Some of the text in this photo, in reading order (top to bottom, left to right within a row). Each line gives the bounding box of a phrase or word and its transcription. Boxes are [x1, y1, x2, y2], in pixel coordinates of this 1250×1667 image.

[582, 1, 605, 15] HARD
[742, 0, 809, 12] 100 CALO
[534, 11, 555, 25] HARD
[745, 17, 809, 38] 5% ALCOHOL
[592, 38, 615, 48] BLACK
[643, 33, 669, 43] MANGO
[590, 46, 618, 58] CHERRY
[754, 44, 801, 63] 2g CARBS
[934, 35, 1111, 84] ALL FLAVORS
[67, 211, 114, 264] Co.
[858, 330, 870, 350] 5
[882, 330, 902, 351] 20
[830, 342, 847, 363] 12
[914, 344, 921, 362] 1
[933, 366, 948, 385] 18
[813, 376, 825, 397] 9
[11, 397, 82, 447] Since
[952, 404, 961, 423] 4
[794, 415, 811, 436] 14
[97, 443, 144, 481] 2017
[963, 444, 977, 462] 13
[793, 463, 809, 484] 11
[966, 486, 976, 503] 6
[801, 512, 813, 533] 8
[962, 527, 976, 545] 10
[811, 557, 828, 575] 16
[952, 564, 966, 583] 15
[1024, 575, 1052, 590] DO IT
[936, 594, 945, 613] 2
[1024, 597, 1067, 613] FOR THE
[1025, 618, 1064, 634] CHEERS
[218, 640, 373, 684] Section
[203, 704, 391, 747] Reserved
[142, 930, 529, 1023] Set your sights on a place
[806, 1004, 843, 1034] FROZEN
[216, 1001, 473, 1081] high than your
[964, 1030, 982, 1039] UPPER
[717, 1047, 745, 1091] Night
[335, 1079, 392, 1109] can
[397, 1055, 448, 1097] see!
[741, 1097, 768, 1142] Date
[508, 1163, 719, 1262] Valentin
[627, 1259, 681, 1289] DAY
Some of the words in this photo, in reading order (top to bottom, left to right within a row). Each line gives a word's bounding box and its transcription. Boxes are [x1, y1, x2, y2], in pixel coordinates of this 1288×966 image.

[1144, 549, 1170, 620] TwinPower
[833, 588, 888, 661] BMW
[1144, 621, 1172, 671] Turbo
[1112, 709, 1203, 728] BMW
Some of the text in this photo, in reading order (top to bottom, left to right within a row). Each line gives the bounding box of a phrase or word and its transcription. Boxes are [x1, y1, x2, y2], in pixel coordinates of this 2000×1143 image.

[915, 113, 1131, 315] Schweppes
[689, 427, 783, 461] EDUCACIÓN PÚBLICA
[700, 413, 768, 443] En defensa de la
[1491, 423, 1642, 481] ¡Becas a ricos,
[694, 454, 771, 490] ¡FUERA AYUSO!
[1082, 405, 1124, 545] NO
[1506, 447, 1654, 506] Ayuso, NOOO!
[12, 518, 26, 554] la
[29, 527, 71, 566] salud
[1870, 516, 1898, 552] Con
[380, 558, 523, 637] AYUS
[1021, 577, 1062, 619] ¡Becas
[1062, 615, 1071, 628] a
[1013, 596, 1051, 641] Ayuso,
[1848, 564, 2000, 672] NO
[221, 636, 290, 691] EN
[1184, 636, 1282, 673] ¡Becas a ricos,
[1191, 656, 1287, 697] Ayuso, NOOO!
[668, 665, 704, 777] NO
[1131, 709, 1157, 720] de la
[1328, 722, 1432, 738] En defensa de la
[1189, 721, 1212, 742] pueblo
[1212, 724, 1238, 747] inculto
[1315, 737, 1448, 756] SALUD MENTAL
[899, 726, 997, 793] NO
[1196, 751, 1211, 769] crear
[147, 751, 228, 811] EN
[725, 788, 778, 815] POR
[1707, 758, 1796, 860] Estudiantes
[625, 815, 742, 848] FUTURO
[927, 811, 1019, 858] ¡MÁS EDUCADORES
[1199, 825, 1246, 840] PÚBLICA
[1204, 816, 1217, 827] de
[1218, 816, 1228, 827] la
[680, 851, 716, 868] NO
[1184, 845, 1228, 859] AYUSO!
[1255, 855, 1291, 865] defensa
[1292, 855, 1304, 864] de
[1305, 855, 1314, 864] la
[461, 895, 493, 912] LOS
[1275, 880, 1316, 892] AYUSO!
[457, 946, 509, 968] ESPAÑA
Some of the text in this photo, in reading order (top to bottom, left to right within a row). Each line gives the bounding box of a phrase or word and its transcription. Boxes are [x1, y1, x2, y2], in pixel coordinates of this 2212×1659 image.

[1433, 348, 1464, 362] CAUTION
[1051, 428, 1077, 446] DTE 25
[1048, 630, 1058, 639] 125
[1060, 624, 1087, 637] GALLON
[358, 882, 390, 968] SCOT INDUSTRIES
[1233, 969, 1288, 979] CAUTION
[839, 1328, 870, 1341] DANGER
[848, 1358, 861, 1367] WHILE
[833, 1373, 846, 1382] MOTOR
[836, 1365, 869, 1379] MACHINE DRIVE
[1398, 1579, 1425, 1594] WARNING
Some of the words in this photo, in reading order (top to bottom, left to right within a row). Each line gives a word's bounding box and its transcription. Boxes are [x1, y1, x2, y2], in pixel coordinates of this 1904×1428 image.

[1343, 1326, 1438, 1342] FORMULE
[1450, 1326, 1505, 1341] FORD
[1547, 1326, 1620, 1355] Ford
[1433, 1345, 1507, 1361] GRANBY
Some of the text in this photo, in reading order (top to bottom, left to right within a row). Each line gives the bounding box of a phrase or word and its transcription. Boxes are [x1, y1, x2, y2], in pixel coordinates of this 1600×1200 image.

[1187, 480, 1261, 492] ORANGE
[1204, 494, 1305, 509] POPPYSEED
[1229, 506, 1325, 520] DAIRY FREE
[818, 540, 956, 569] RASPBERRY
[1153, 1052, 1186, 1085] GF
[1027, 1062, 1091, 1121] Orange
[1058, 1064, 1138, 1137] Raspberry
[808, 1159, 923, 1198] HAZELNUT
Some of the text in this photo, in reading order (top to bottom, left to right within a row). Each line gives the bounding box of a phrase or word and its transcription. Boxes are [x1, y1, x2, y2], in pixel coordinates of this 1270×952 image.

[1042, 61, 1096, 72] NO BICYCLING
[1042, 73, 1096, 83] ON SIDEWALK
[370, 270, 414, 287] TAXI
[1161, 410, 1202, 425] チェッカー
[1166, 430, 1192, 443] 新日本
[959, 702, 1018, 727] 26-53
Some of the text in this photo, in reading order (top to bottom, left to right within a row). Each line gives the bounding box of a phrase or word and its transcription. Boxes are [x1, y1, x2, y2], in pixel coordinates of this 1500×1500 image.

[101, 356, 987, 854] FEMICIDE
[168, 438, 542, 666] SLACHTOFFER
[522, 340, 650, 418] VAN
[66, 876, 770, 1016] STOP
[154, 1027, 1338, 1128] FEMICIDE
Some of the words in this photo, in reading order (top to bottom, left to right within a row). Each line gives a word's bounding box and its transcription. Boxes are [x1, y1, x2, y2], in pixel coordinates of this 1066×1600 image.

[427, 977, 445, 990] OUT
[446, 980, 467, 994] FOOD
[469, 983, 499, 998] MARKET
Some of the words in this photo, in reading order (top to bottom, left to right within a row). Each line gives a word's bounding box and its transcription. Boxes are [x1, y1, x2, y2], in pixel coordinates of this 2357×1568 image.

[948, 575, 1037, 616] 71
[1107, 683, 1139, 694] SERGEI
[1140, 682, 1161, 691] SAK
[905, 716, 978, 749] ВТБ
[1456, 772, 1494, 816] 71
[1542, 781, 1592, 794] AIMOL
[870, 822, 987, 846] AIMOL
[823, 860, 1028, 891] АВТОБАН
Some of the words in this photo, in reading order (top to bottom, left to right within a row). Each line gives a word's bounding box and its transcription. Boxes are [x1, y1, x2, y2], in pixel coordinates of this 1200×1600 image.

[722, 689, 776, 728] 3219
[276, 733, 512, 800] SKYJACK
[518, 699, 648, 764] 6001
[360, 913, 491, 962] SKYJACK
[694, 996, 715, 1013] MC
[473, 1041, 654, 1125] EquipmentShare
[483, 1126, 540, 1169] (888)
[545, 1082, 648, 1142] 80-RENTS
_ _ _ _
Problem statement
Beginning at the line that holds "this 1200×1600 image.", reproduce the lines exactly up to and including the final line of the entries.

Written response
Some of the words in this photo, in reading order (top to bottom, left to right within a row). Each line gives a word's bounding box and its transcription. Boxes are [x1, y1, x2, y2], in pixel coordinates of this 1200×1600 image.

[722, 689, 776, 728] 3219
[276, 733, 512, 800] SKYJACK
[518, 699, 648, 764] 6001
[360, 913, 491, 962] SKYJACK
[694, 996, 715, 1013] MC
[473, 1041, 654, 1125] EquipmentShare
[483, 1126, 540, 1169] (888)
[545, 1082, 648, 1142] 80-RENTS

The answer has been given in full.